The text of the bill, following revisions by the Ministerial Committee for Legislation, seeks to establish Torah study as a basic value within both Jewish heritage and the State of Israel. The committee debate centered on whether the proposal genuinely defines a clear constitutional value and on its possible legal and practical implications.
Deputy Attorney General Avital Sompolinsky told the committee that lawmakers could not proceed to a first reading without first clarifying the law's purpose. She said that, based on what the bill's sponsors had stated during committee discussions, the legislation stemmed from a view that the standing of Haredi citizens within Israeli society is currently unbalanced, which she said places the discussion in a different context requiring further debate on issues such as obligations and rights. She acknowledged that the questions raised in committee over who qualifies as a Haredi person were serious and substantive, but said the bill as currently written does not answer them.

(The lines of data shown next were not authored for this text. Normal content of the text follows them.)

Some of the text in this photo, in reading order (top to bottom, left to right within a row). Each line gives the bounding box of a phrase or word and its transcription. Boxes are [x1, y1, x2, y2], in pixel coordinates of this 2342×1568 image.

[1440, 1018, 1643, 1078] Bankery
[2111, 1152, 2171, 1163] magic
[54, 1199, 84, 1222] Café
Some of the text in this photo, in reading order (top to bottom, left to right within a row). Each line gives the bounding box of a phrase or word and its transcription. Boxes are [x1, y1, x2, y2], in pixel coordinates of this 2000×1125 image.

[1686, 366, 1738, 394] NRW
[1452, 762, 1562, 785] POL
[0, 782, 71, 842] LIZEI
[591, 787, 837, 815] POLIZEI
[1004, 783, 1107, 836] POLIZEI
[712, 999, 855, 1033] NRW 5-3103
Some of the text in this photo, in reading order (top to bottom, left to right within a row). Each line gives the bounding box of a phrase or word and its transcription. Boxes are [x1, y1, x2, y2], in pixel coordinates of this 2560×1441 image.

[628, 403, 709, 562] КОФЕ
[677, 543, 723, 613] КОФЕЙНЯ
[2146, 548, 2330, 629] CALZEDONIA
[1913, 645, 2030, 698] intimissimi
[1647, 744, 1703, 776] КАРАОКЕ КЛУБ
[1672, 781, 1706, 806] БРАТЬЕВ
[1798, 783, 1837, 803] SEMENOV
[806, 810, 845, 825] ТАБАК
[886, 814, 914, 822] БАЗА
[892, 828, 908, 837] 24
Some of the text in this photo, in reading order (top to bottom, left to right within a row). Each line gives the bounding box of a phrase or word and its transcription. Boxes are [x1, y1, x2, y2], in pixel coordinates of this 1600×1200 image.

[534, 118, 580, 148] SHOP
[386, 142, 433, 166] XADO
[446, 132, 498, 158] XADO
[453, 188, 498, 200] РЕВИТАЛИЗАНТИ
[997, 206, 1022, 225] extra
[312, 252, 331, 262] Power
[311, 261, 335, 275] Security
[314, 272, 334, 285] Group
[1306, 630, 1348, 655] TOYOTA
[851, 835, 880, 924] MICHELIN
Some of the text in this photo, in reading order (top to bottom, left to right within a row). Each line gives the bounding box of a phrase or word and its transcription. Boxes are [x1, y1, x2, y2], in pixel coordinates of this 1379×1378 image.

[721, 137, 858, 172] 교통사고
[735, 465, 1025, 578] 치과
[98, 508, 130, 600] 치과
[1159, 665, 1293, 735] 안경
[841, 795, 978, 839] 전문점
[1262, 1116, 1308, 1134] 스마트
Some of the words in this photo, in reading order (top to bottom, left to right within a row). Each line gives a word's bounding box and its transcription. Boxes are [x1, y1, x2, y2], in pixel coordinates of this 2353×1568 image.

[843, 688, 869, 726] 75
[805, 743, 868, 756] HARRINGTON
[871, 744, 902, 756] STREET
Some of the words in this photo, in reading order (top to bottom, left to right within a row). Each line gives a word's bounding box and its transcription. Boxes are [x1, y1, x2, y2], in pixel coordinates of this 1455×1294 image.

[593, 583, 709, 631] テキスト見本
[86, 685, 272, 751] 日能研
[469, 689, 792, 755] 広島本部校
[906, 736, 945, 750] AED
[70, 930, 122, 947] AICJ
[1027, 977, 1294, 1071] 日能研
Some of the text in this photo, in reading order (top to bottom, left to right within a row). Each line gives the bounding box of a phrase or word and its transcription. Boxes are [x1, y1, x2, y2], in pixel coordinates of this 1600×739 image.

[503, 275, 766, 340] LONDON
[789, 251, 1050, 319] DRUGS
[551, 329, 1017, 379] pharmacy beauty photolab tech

Shas lawmaker Yossi Taieb defended the bill's legal grounding, telling the committee that its constitutional logic was clearly defined and free of ambiguity. He said the law carries both a values based status, intended to establish a kind of identity card for the Jewish people, and a declarative status, meant to give judges a constitutional framework for weighing the value of Torah study against other foundational values.
United Torah Judaism chairman Yitzhak Goldknopf laid out the rationale behind the proposal, telling the committee that its purpose is to recognize the Torah of Israel, given at Mount Sinai, which he said all Jews believe in. He asked how it could be that in Israel, after everything the Jewish people had endured, Jews were now arresting fellow Jews over Torah study. He said the law was being sought because something had changed in the country, and that Haredi lawmakers did not want to find themselves on the wrong side of a reality in which someone studying Torah is punished as though he were a thief. He said the situation had reached a point where those who study Torah find themselves at the bottom when it comes to receiving leniency.
The debate also raised questions about the bill's practical implications. Yesh Atid lawmaker Vladimir Beliak said that while there was broad agreement on the bill's first clause, its second clause was operative in nature, and he questioned what the relevant balancing of values would actually mean in practice and whether the law carried budgetary implications. He said he had not received an answer to that question, and suggested there was likely a reason why.
Degel HaTorah chairman Moshe Gafni responded that no one had ever asked whether Basic Law: Human Dignity and Liberty or Basic Law: Freedom of Occupation carried budgetary implications, arguing that such questions were directed at a particular agenda. He said the proposed law would not infringe on any right or benefit currently afforded to soldiers or reservists, and that it deals exclusively with the value of Torah study itself.
Opposition lawmaker Merav Michaeli voiced strong objection to the bill, saying that when a Basic Law is cheapened and turned into a political stepping stone rushed through in three days, it raises questions about what one can then expect from the Supreme Court. She argued that the Torah existed before the establishment of the State and does not need this law, and characterized the legislation as a law intended solely for men who study Torah, one that would place them above other laws.